As if I needed more proof that I was my father's daughter...
Dad loves fixing things. Not just fixing things, but solving problems. It makes him happy, and he's very clever at it. He follows a very methodical process, and it's one I've certainly inherited through nurture, if not nature.
Step 1: you find what's not doing what it should be doing. Sounds simple, right? You'd be astounded.
I was just typing on my typewriter, my little Olivetti portable and all of a sudden there stopped being ink. I figured it was just the ribbon not switching, because one end of it has lost its little button that makes the mechanism trip, so I opened up the top, manually flicked the switch, made sure it was now turning the right way, and put it all back together.

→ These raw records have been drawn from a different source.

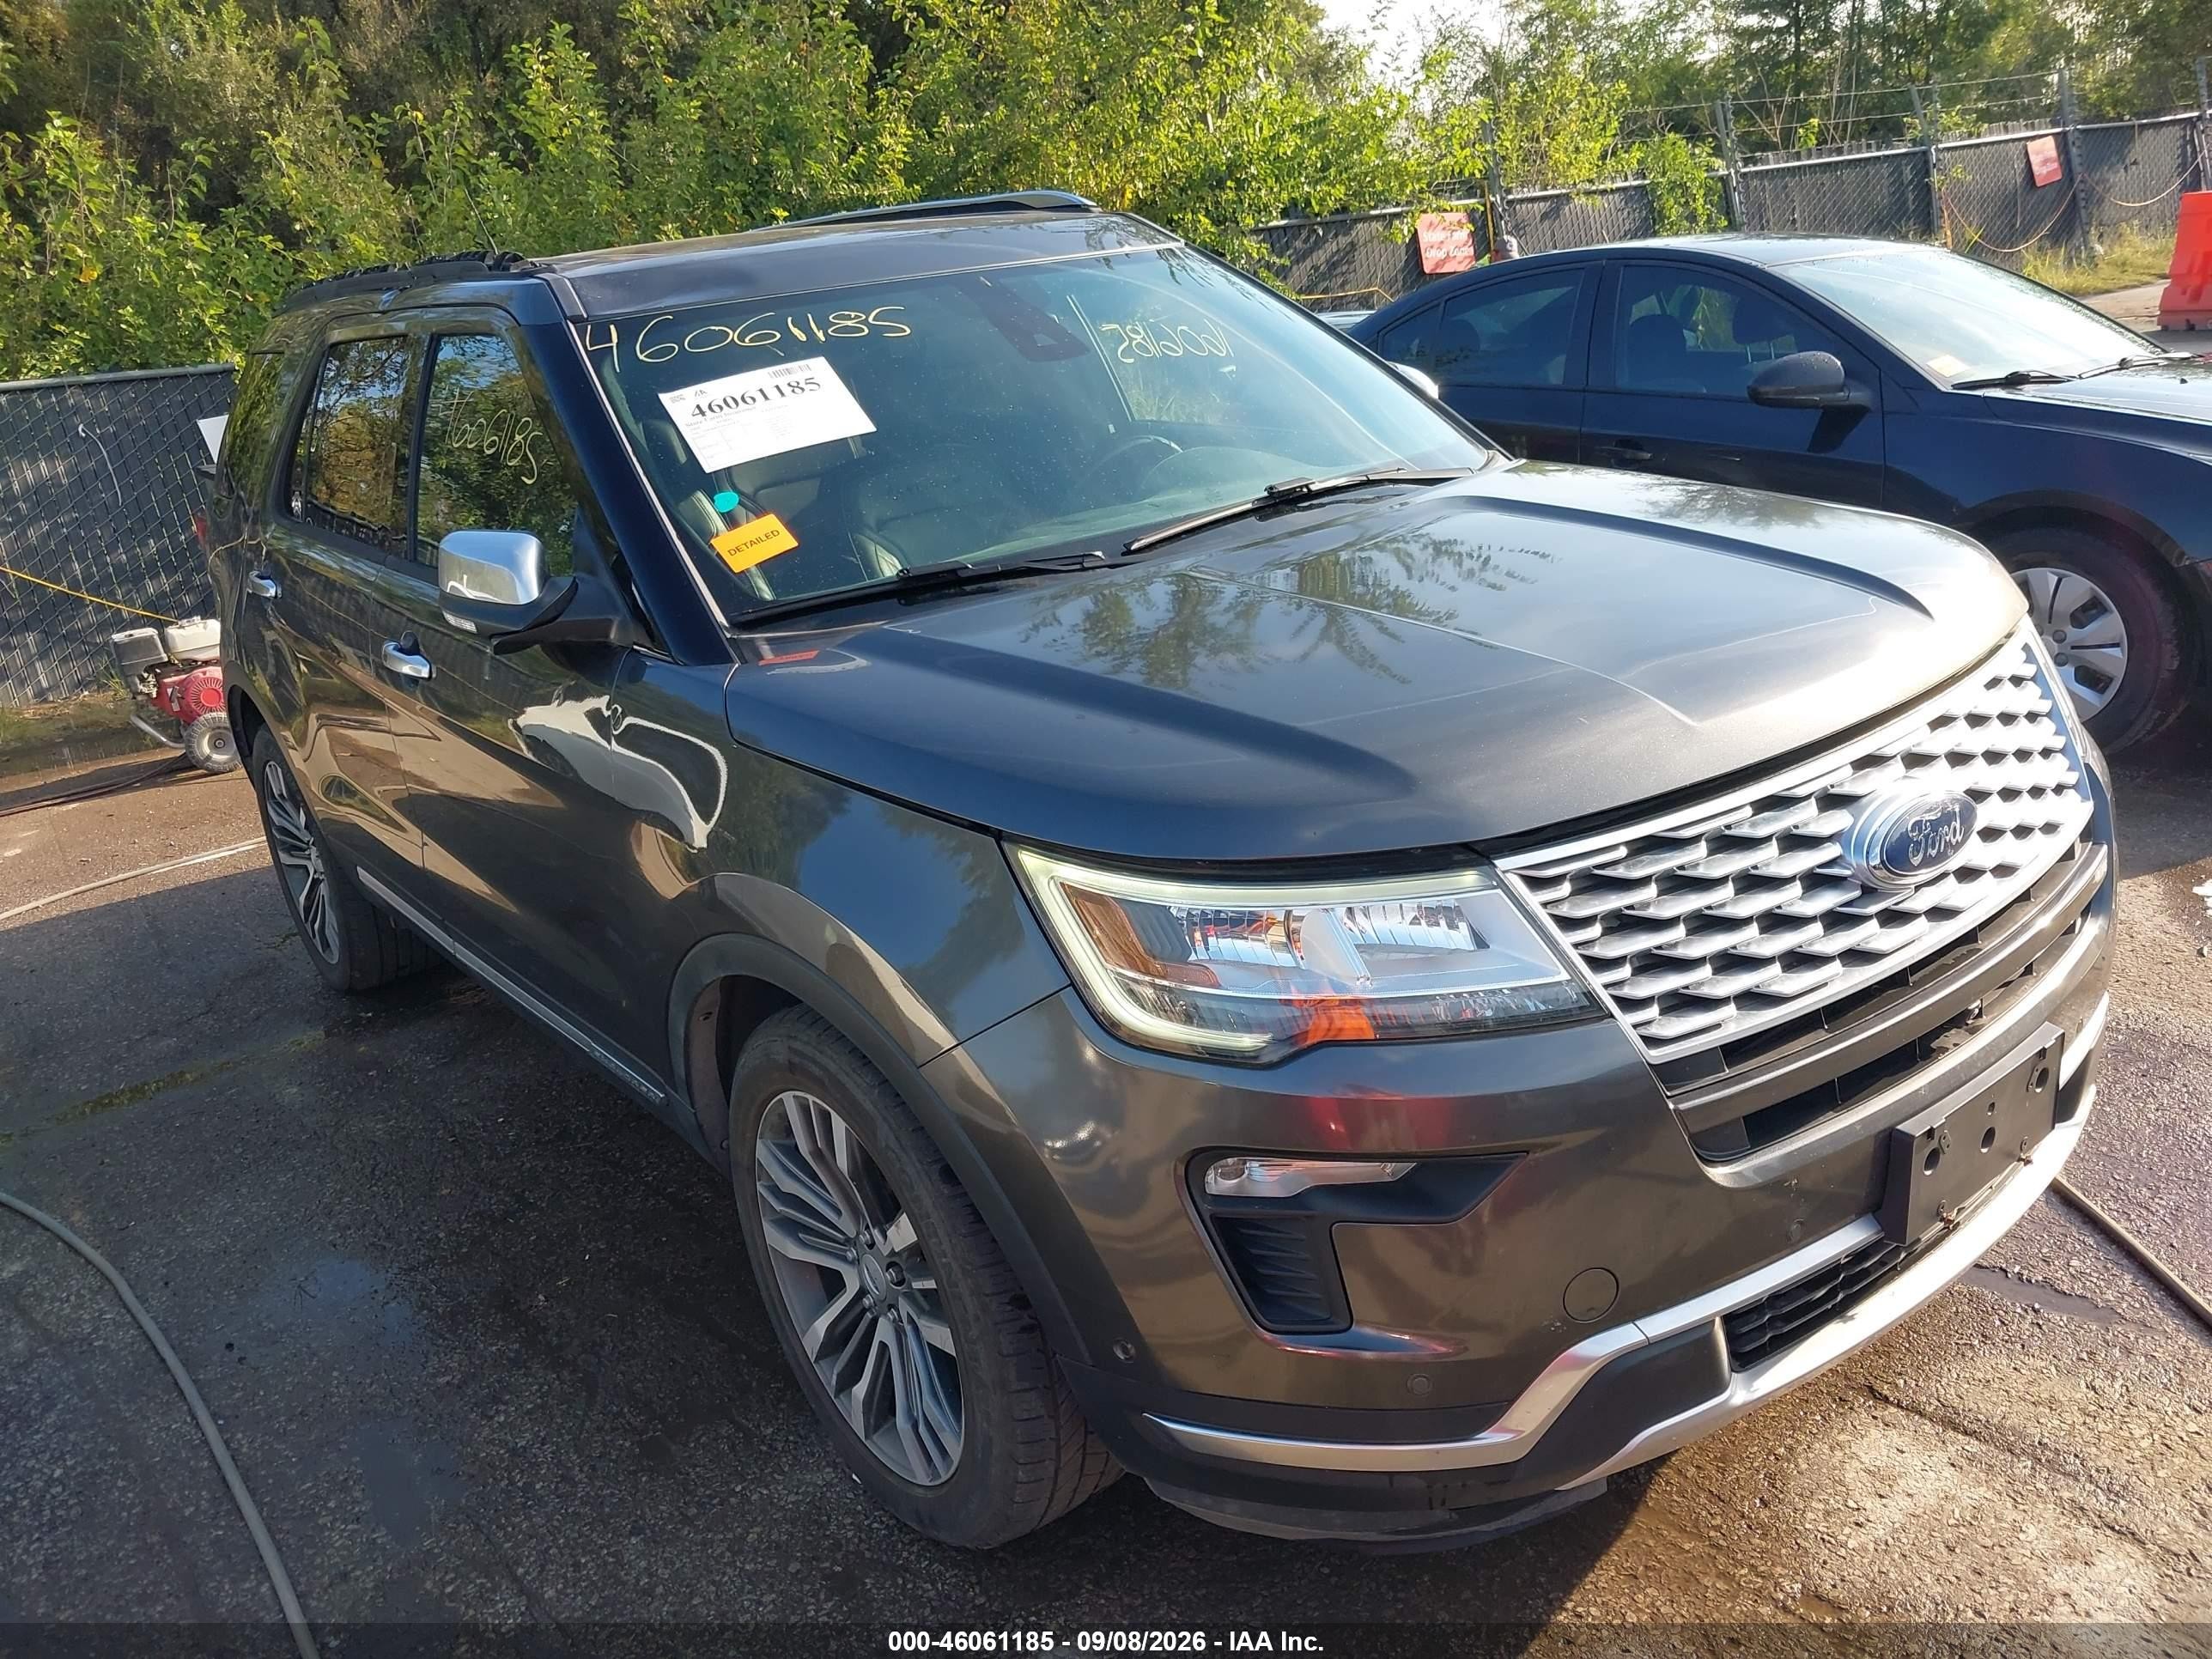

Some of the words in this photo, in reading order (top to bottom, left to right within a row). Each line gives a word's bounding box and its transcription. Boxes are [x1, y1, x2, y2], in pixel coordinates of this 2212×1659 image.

[1425, 246, 1447, 258] Drop
[586, 307, 911, 372] 46061185
[691, 377, 822, 419] 46061185
[727, 529, 781, 556] DETAILED
[1907, 801, 1966, 866] Ford

Still no ink. It took me about five minutes to realise that the ribbon was actually not rising to meet the hammer to imprint the letter, and hence, no ink.
Step 2: you figure out exactly how it does what it should be doing.
In the past fifteen minutes I've learned all sorts of things about the mechanism of my little Olivetti. But I'm having problems. Because after a thoroughly intractible leverish bit, the mechanism disappears into the bowels of the machine, which are not designed to come apart for anything less than the apocalypse or, failing that, a screwdriver and a lot of willpower. Neither of which I have on hand.
But a torch might do.
Never fear, I shall soldier on. For I am, indeed, my father's daughter, and I will not let some mere simple machine with a problem defeat me.
Besides, I have to get up to
Step 3: Make it do what it should do.